• **Exercise aim**: Transcribe the listing exactly, leaving out every picture.

• **Input material**:
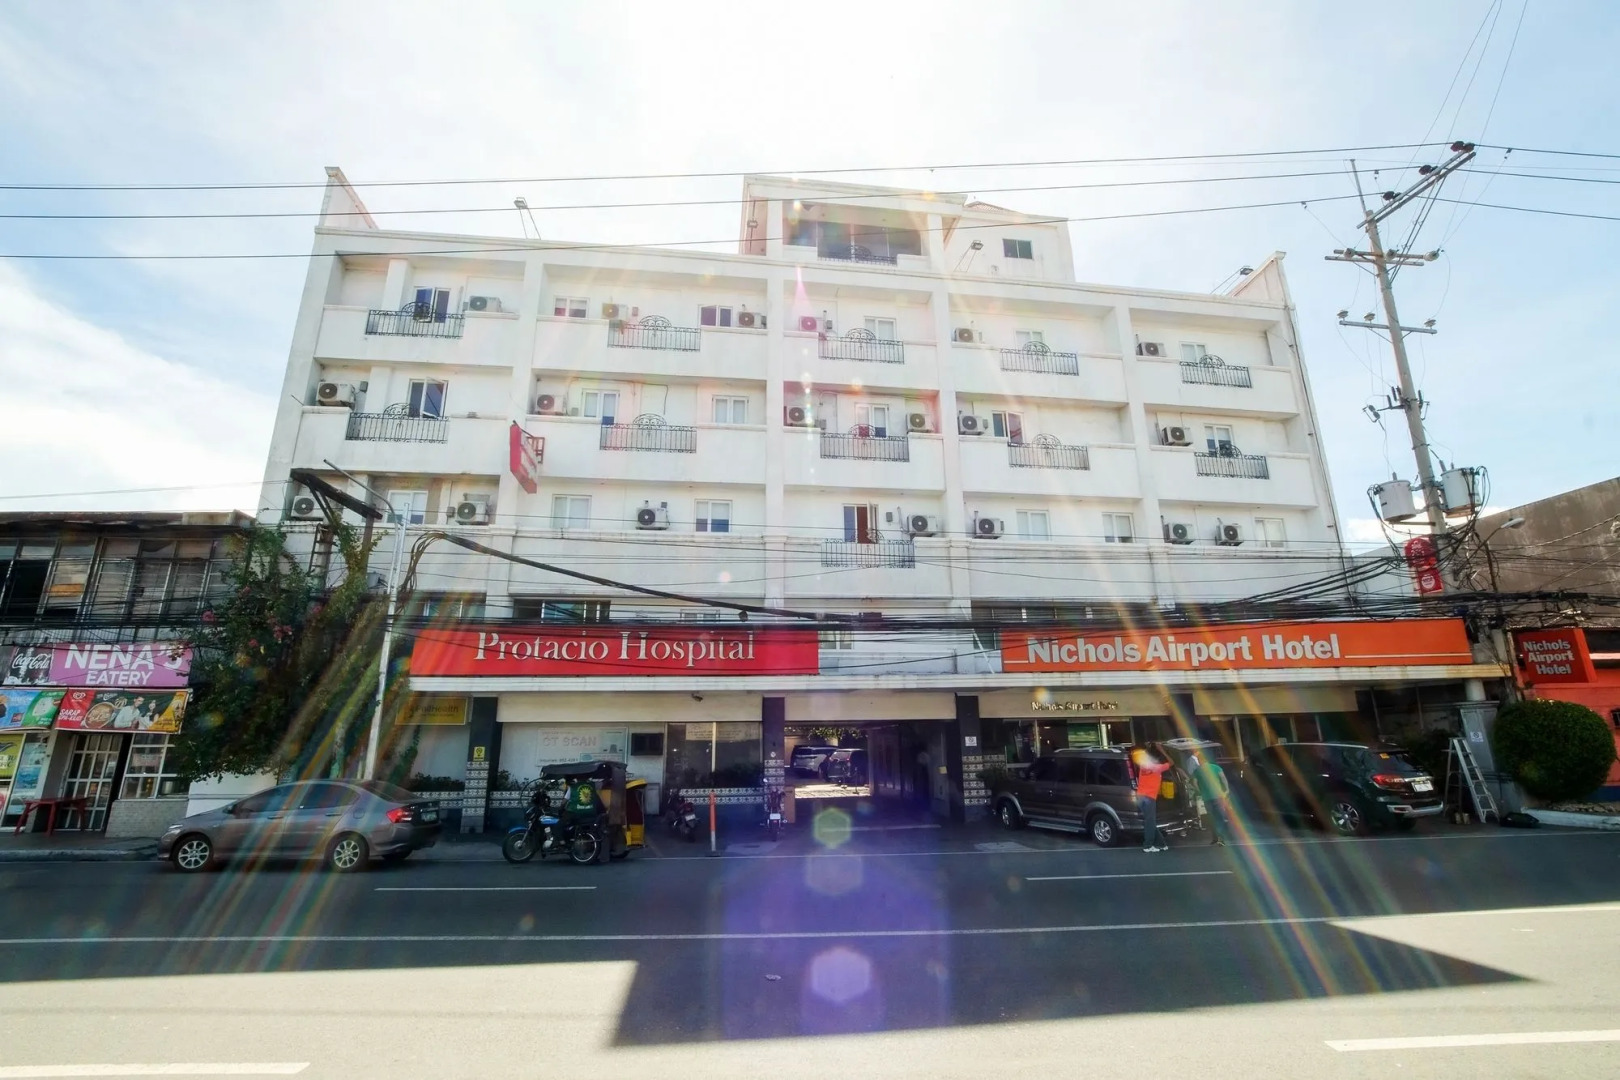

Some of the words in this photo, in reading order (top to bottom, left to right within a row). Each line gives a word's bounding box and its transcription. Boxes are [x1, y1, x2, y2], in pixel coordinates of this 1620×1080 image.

[473, 631, 609, 660] Protacio
[617, 631, 756, 667] Hospital
[1027, 636, 1141, 663] Nichols
[1145, 635, 1253, 667] Airport
[1261, 633, 1341, 660] Hotel
[1522, 639, 1571, 652] Nichols
[12, 653, 52, 669] Coca-Cola
[1528, 650, 1575, 663] Airport
[1536, 663, 1572, 675] Hotel
[85, 670, 153, 685] EATERY
[59, 708, 81, 716] SARAP
[543, 736, 560, 747] CT
[562, 735, 598, 747] SCAN

• **Exercise result**:
Some of the words in this photo, in reading order (top to bottom, left to right within a row). Each line gives a word's bounding box and its transcription. Boxes are [x1, y1, x2, y2], in pixel coordinates of this 1620×1080 image.

[473, 631, 609, 660] Protacio
[617, 631, 756, 667] Hospital
[1027, 636, 1141, 663] Nichols
[1145, 635, 1253, 667] Airport
[1261, 633, 1341, 660] Hotel
[1522, 639, 1571, 652] Nichols
[12, 653, 52, 669] Coca-Cola
[1528, 650, 1575, 663] Airport
[1536, 663, 1572, 675] Hotel
[85, 670, 153, 685] EATERY
[59, 708, 81, 716] SARAP
[543, 736, 560, 747] CT
[562, 735, 598, 747] SCAN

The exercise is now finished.